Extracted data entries

■ ■ ■ ■

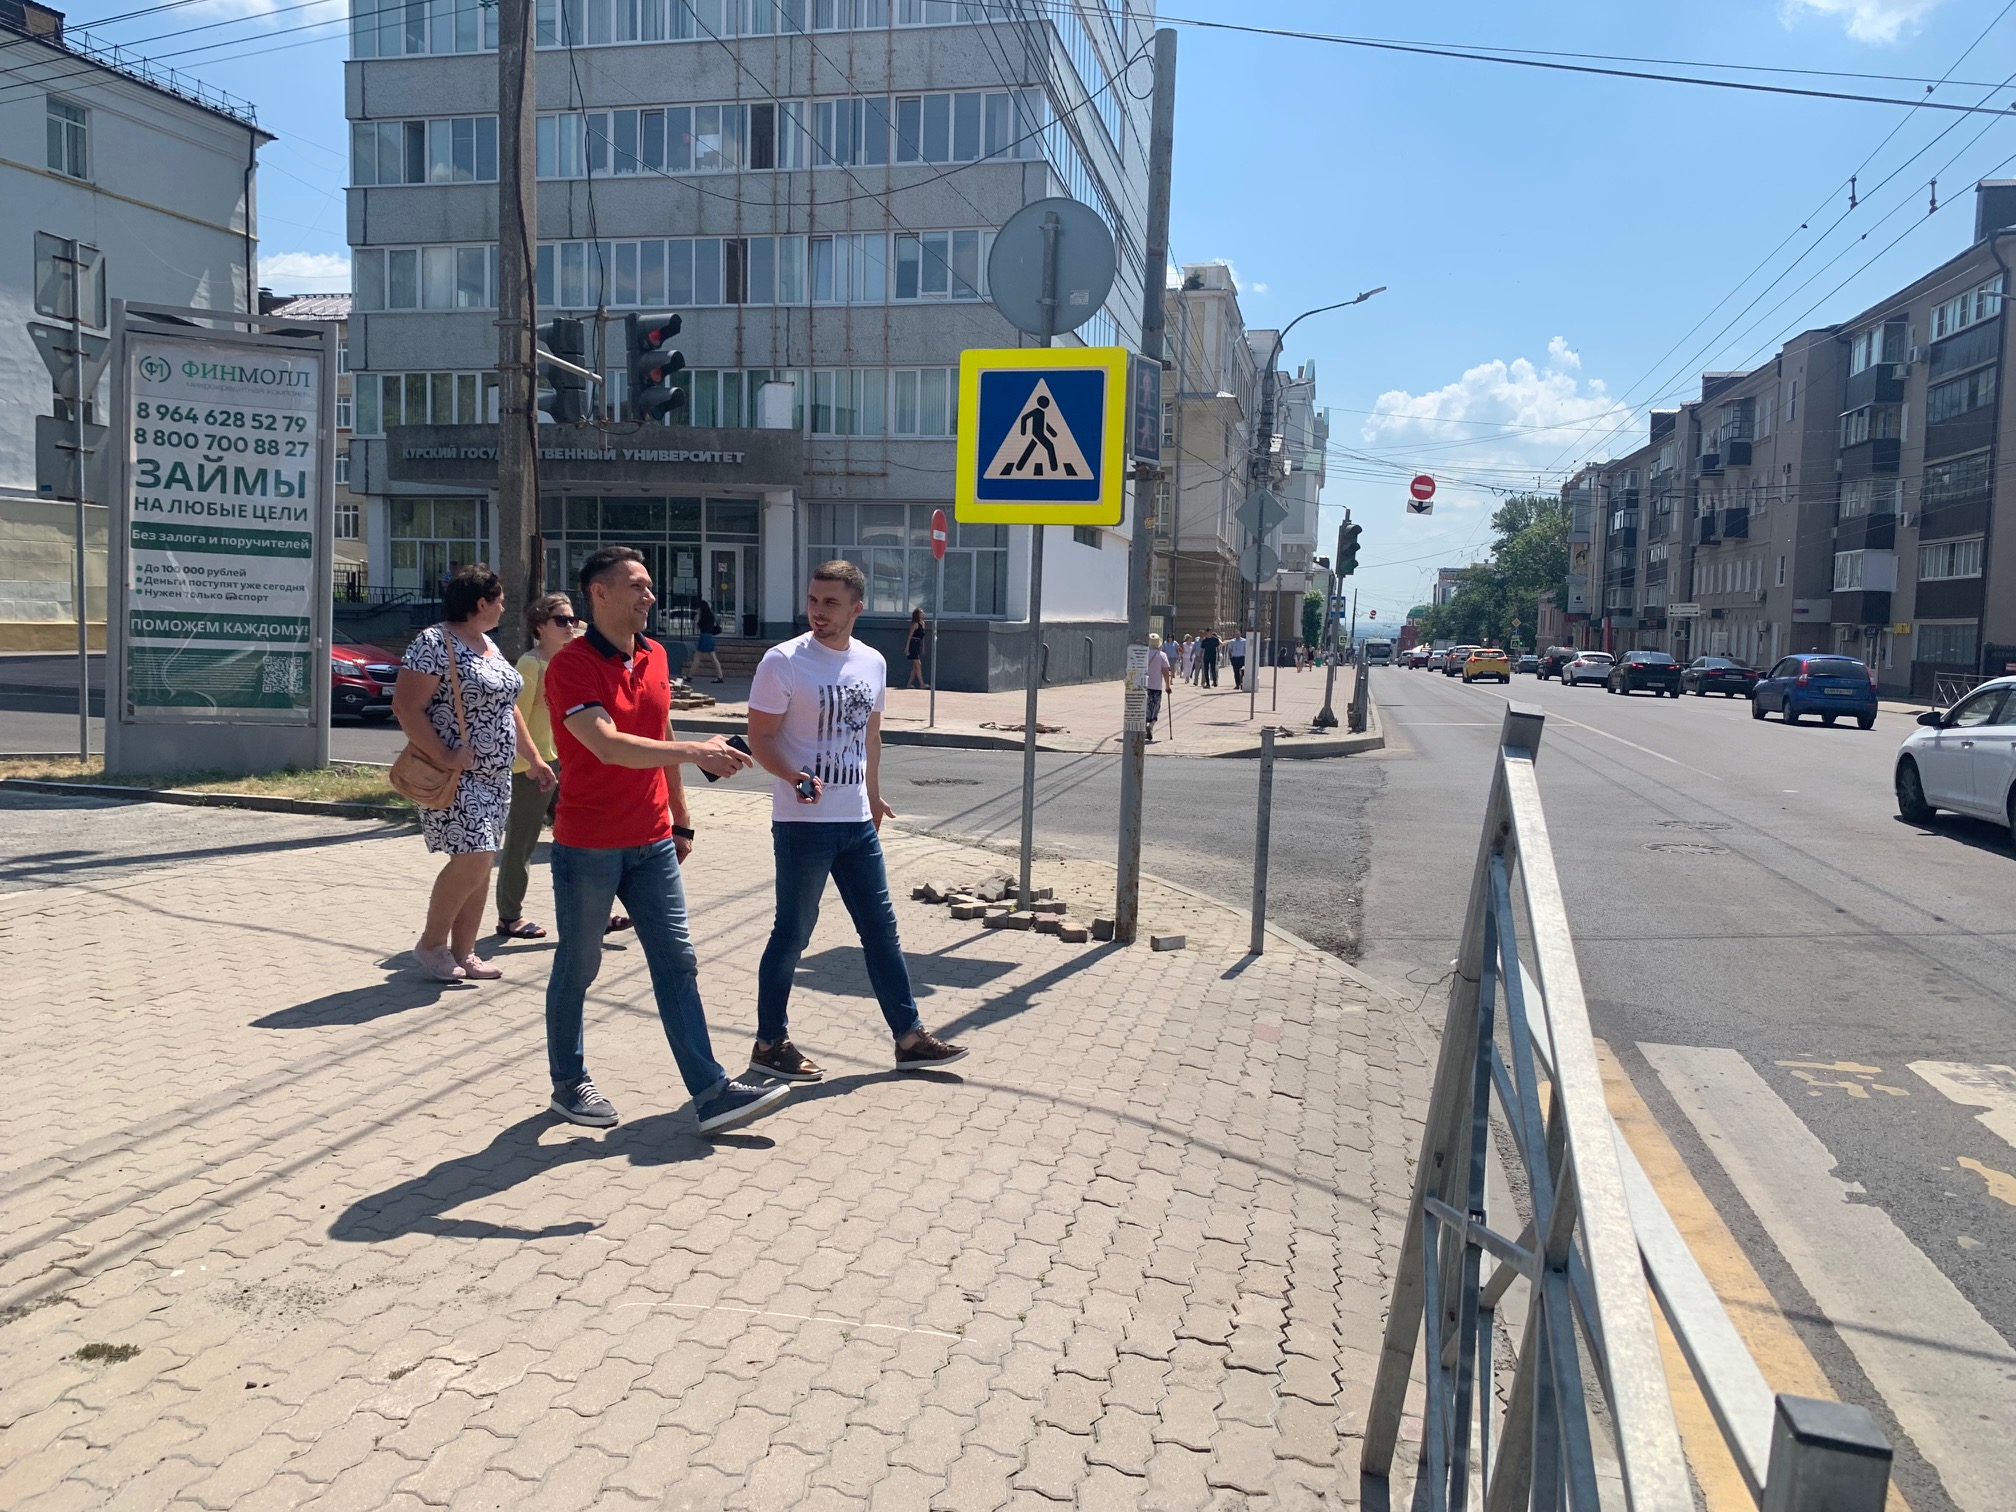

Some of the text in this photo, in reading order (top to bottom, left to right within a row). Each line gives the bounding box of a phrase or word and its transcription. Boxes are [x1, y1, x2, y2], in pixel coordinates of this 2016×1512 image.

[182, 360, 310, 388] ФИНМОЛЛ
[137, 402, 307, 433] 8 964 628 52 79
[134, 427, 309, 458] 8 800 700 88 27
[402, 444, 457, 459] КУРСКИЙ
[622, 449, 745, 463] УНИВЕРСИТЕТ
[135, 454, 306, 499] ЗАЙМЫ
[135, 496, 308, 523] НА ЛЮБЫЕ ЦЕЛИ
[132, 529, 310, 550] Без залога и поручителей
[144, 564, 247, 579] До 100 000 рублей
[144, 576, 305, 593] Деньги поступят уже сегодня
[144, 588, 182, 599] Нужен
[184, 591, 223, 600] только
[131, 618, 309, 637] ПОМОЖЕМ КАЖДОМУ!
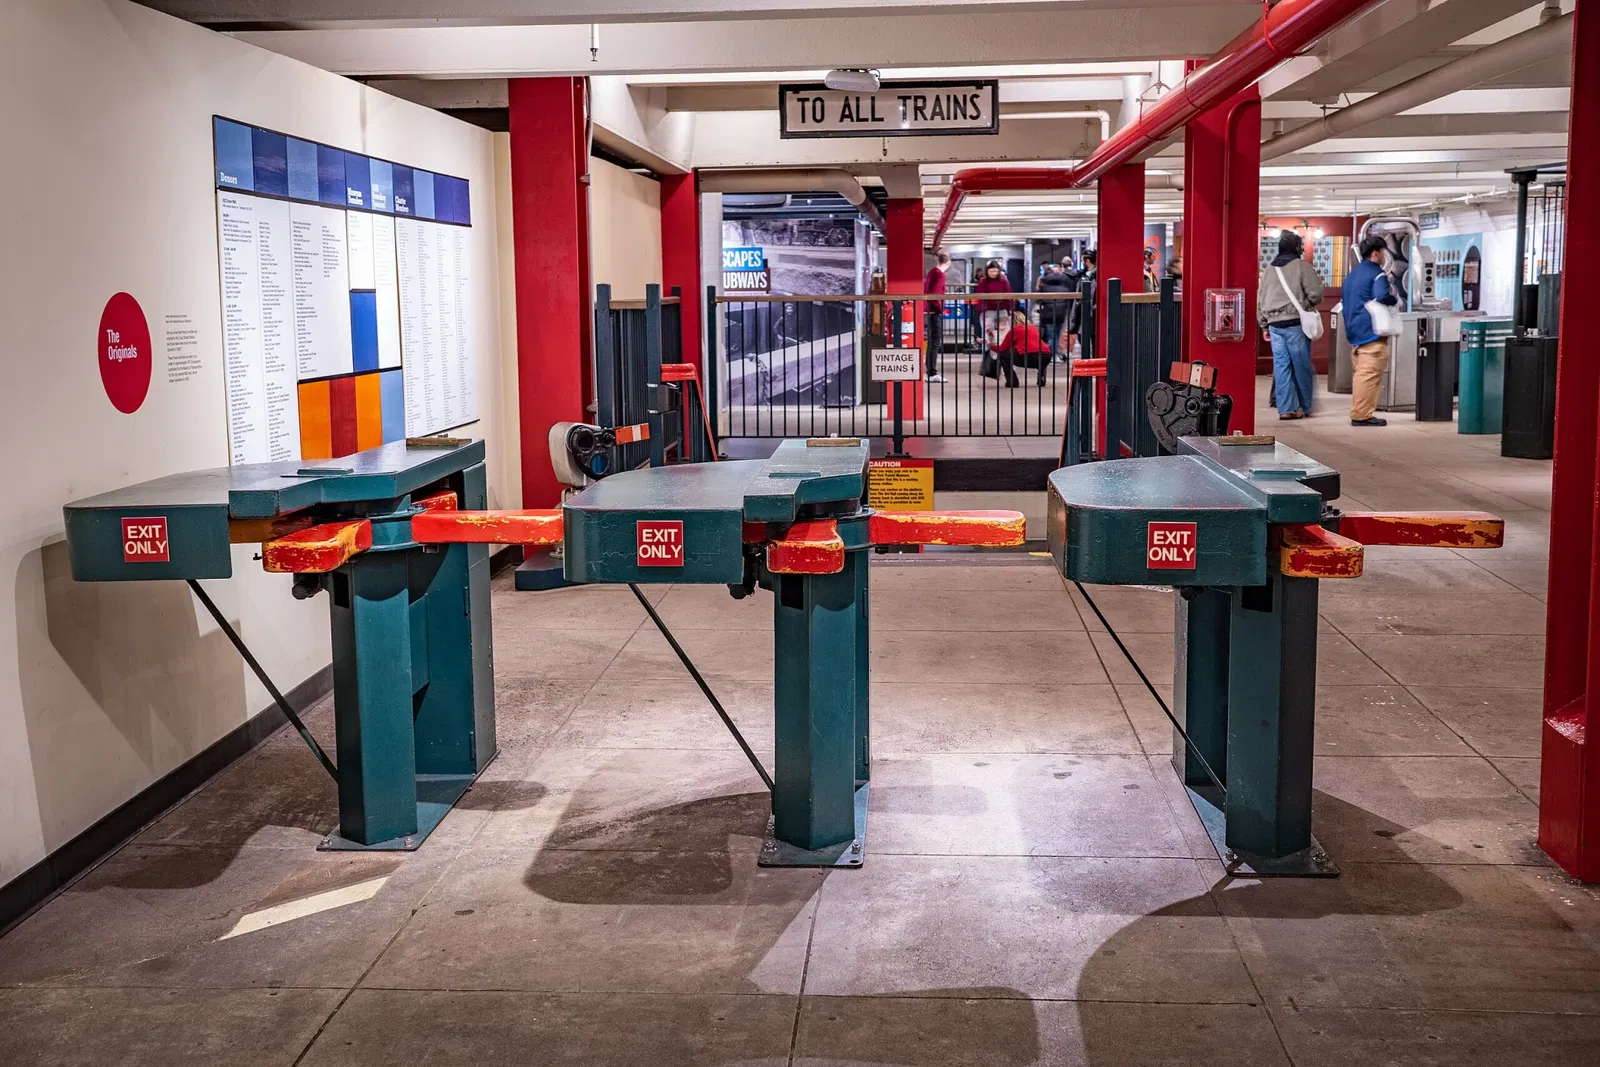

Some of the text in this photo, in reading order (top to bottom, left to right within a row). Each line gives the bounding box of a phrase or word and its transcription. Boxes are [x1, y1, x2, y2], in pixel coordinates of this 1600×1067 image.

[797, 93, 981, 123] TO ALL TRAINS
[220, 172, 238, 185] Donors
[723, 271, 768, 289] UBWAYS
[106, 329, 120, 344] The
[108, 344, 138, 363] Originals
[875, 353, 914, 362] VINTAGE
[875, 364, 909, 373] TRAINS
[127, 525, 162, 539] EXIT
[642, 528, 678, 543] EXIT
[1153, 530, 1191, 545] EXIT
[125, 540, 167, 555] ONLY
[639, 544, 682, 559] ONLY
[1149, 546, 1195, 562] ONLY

■ ■ ■ ■

**Work instructions:**
Please output only the lines from the one holding "this 1600×1067 image." to the end of the records, first and last included, exactly as they appear.

**Response to this exercise:**
Some of the text in this photo, in reading order (top to bottom, left to right within a row). Each line gives the bounding box of a phrase or word and its transcription. Boxes are [x1, y1, x2, y2], in pixel coordinates of this 1600×1067 image.

[797, 93, 981, 123] TO ALL TRAINS
[220, 172, 238, 185] Donors
[723, 271, 768, 289] UBWAYS
[106, 329, 120, 344] The
[108, 344, 138, 363] Originals
[875, 353, 914, 362] VINTAGE
[875, 364, 909, 373] TRAINS
[127, 525, 162, 539] EXIT
[642, 528, 678, 543] EXIT
[1153, 530, 1191, 545] EXIT
[125, 540, 167, 555] ONLY
[639, 544, 682, 559] ONLY
[1149, 546, 1195, 562] ONLY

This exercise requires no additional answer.